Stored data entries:

★ ★ ★

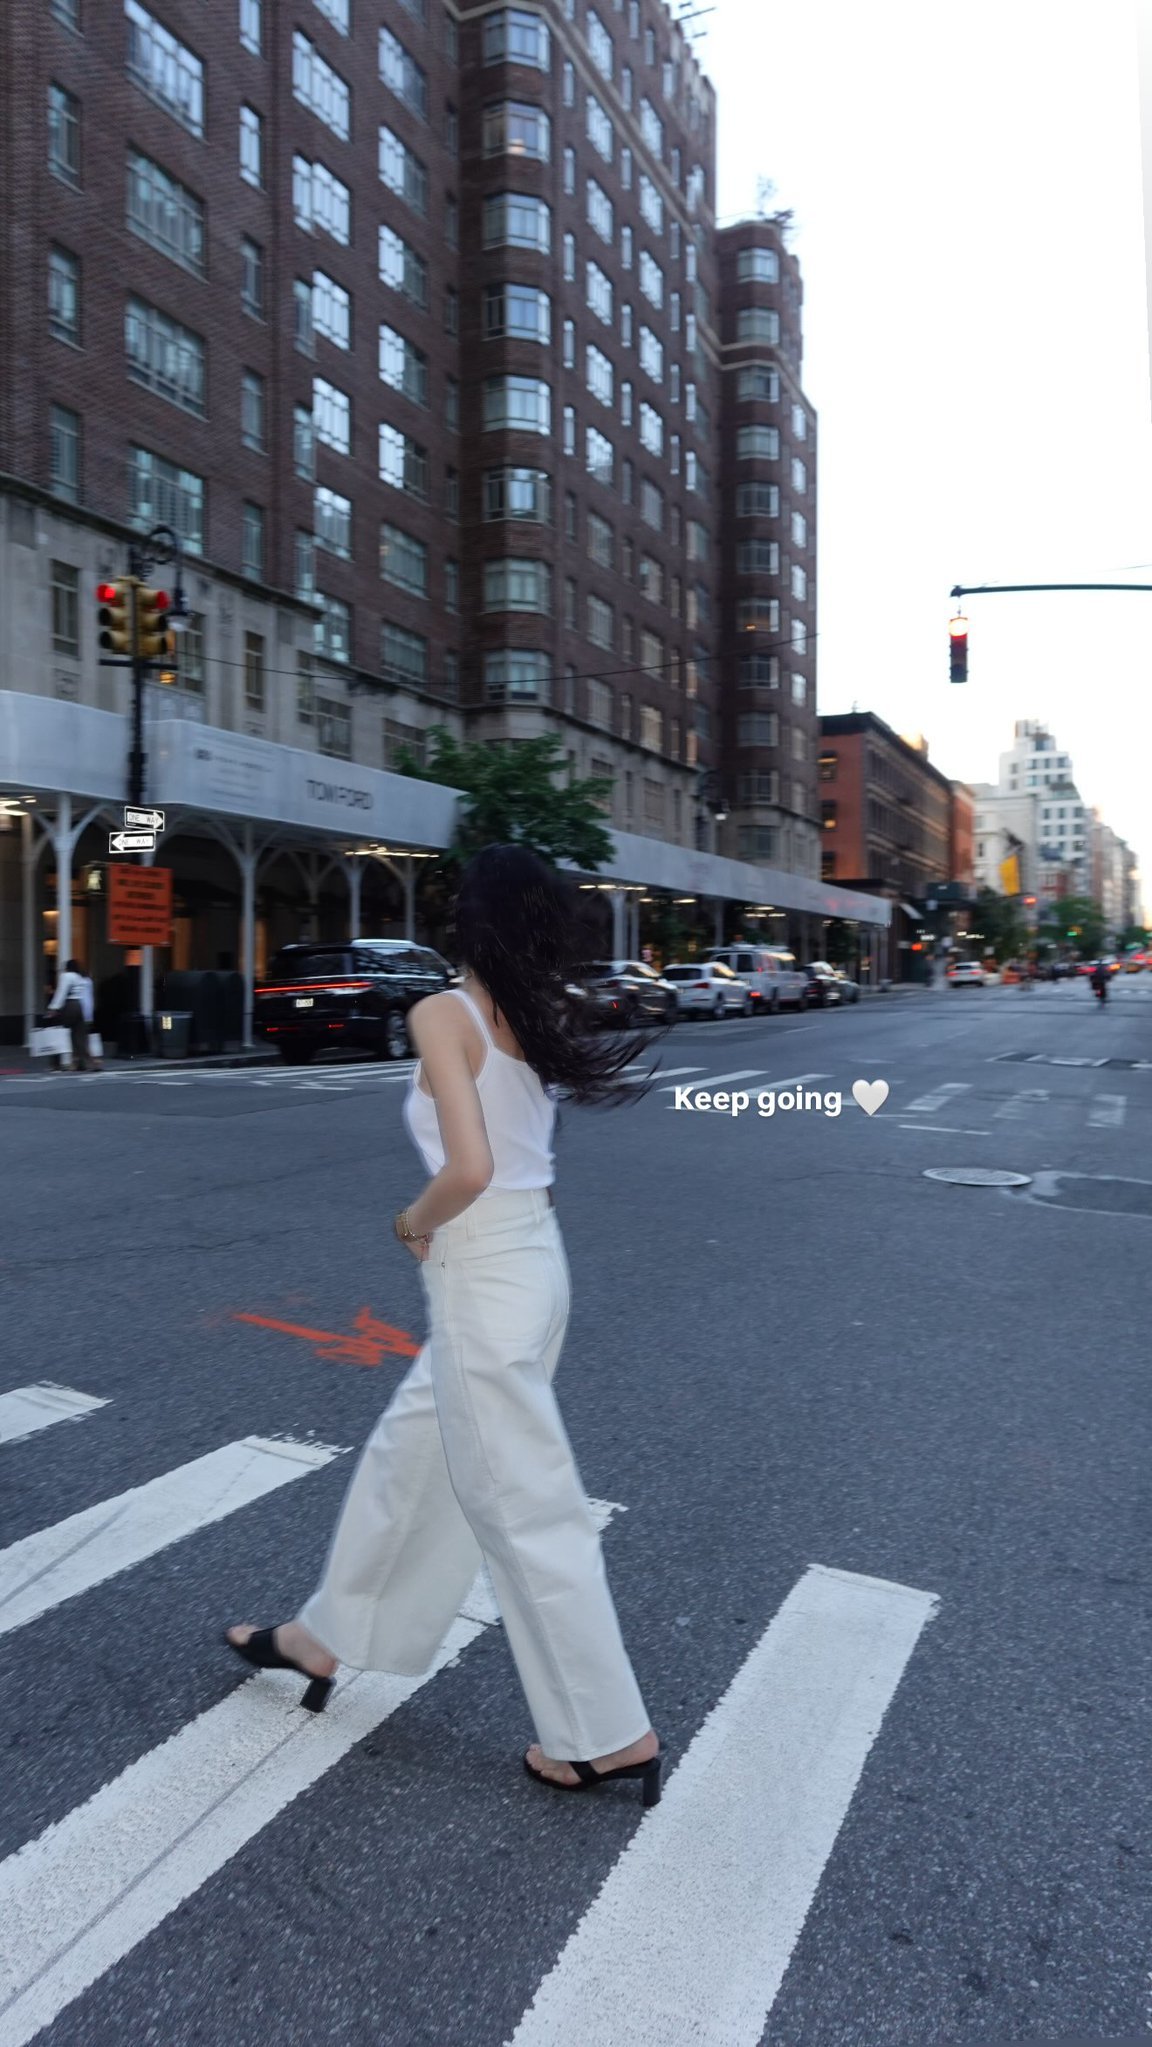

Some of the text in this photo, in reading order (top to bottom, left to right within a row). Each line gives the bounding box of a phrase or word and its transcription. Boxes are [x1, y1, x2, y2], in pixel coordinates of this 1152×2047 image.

[306, 780, 374, 810] TOM FORD
[128, 813, 141, 822] ONE
[146, 816, 159, 825] WAY
[136, 838, 149, 846] WAY
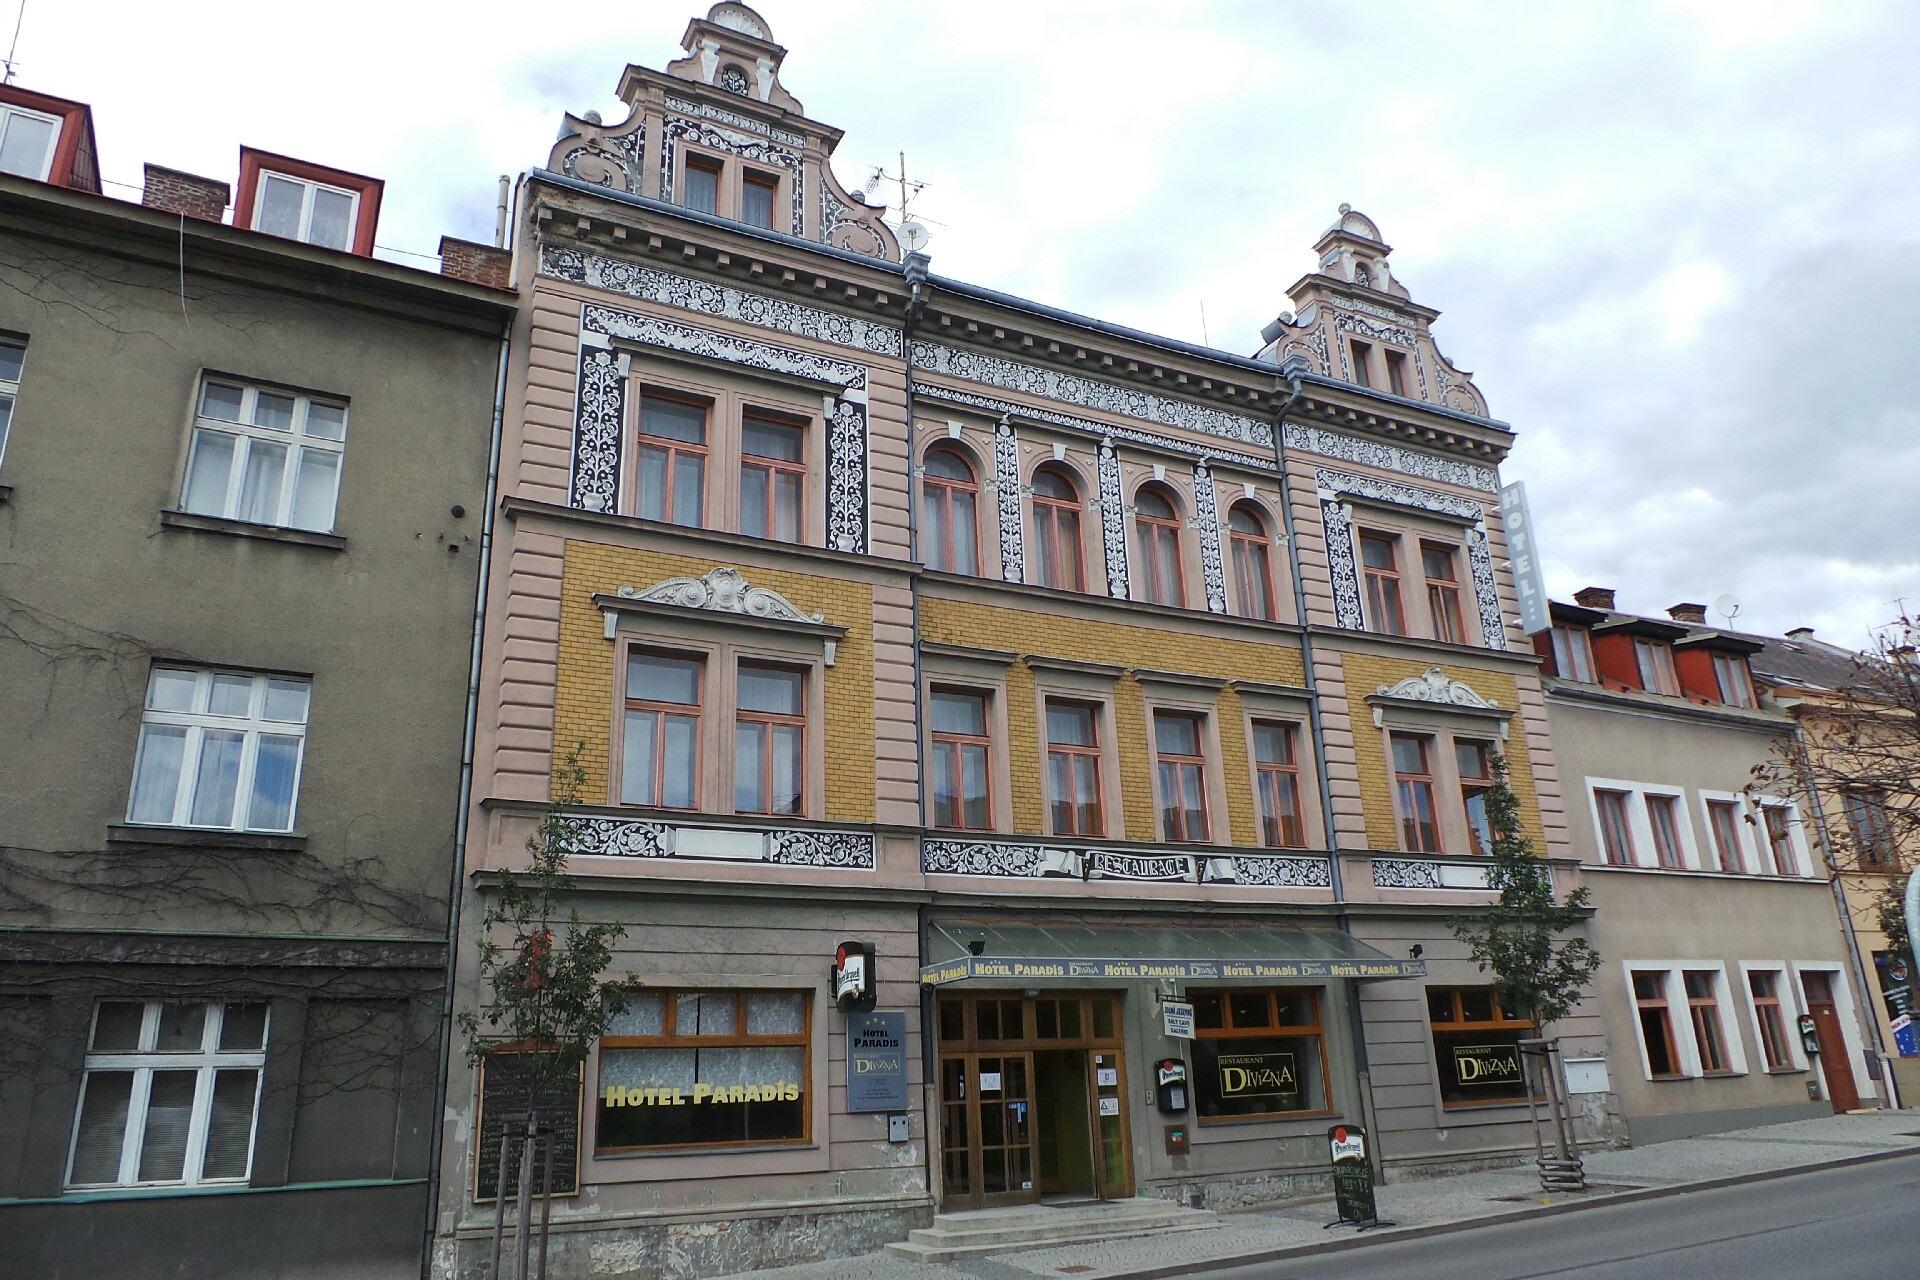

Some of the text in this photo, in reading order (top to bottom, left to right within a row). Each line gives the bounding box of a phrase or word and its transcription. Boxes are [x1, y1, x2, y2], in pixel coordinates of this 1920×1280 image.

[1502, 488, 1535, 598] HOTEL
[1094, 853, 1186, 876] RESTAURACE
[922, 965, 968, 983] HOTEL PARADIS
[975, 963, 1064, 976] HOTEL PARADIS
[1104, 964, 1186, 976] HOTEL PARADIS
[1223, 965, 1298, 976] HOTEL PARADIS
[1331, 965, 1399, 976] HOTEL PARADIS
[863, 1029, 889, 1037] HOTEL
[854, 1038, 899, 1048] PARADIS
[1458, 1056, 1518, 1080] DIVIZNA
[1222, 1065, 1293, 1092] DIVIZNA
[606, 1082, 799, 1107] HOTEL PARADIS
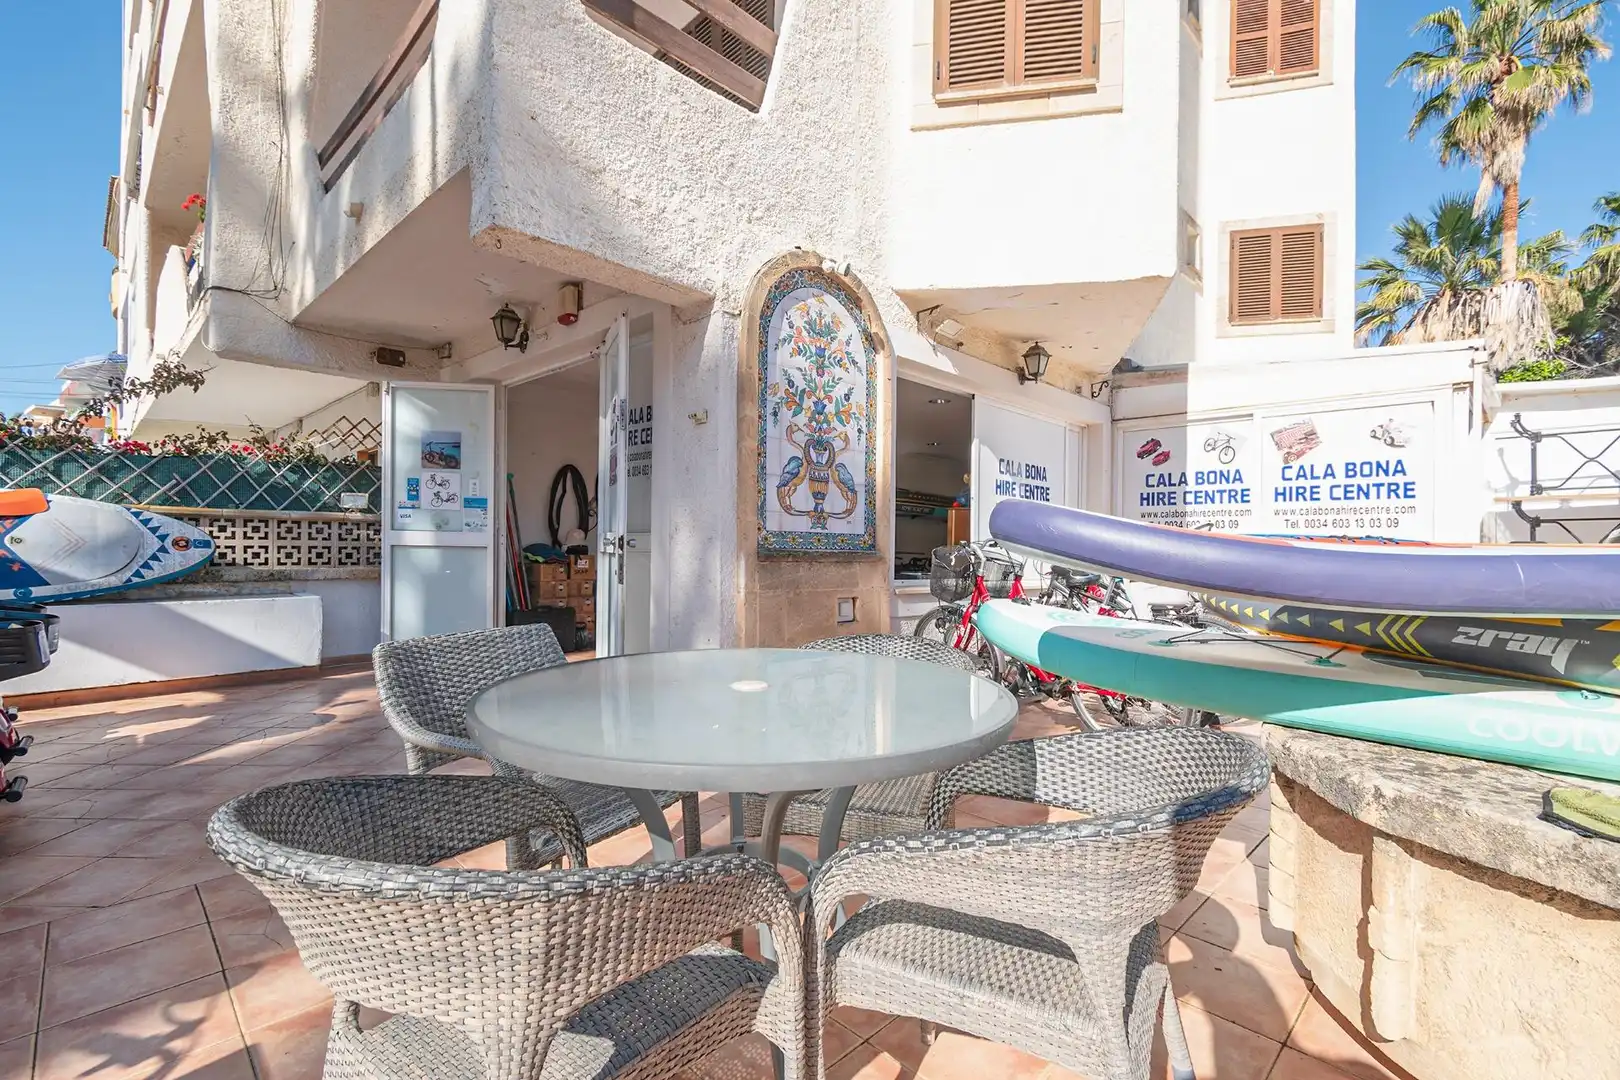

★ ★ ★

TASK REQUIREMENTS: Your answer must be an exact transcription of the records above, minus the pictures.

YOUR RESPONSE:
Some of the text in this photo, in reading order (top to bottom, left to right within a row). Each line gives the bounding box of a phrase or word and its transcription. Boxes are [x1, y1, x2, y2], in pixel coordinates of this 1152×2047 image.

[306, 780, 374, 810] TOM FORD
[128, 813, 141, 822] ONE
[146, 816, 159, 825] WAY
[136, 838, 149, 846] WAY

Some of the text in this photo, in reading order (top to bottom, left to right within a row). Each line gives the bounding box of a phrase or word and its transcription. Boxes are [x1, y1, x2, y2], in pixel coordinates of this 1920×1280 image.

[1502, 488, 1535, 598] HOTEL
[1094, 853, 1186, 876] RESTAURACE
[922, 965, 968, 983] HOTEL PARADIS
[975, 963, 1064, 976] HOTEL PARADIS
[1104, 964, 1186, 976] HOTEL PARADIS
[1223, 965, 1298, 976] HOTEL PARADIS
[1331, 965, 1399, 976] HOTEL PARADIS
[863, 1029, 889, 1037] HOTEL
[854, 1038, 899, 1048] PARADIS
[1458, 1056, 1518, 1080] DIVIZNA
[1222, 1065, 1293, 1092] DIVIZNA
[606, 1082, 799, 1107] HOTEL PARADIS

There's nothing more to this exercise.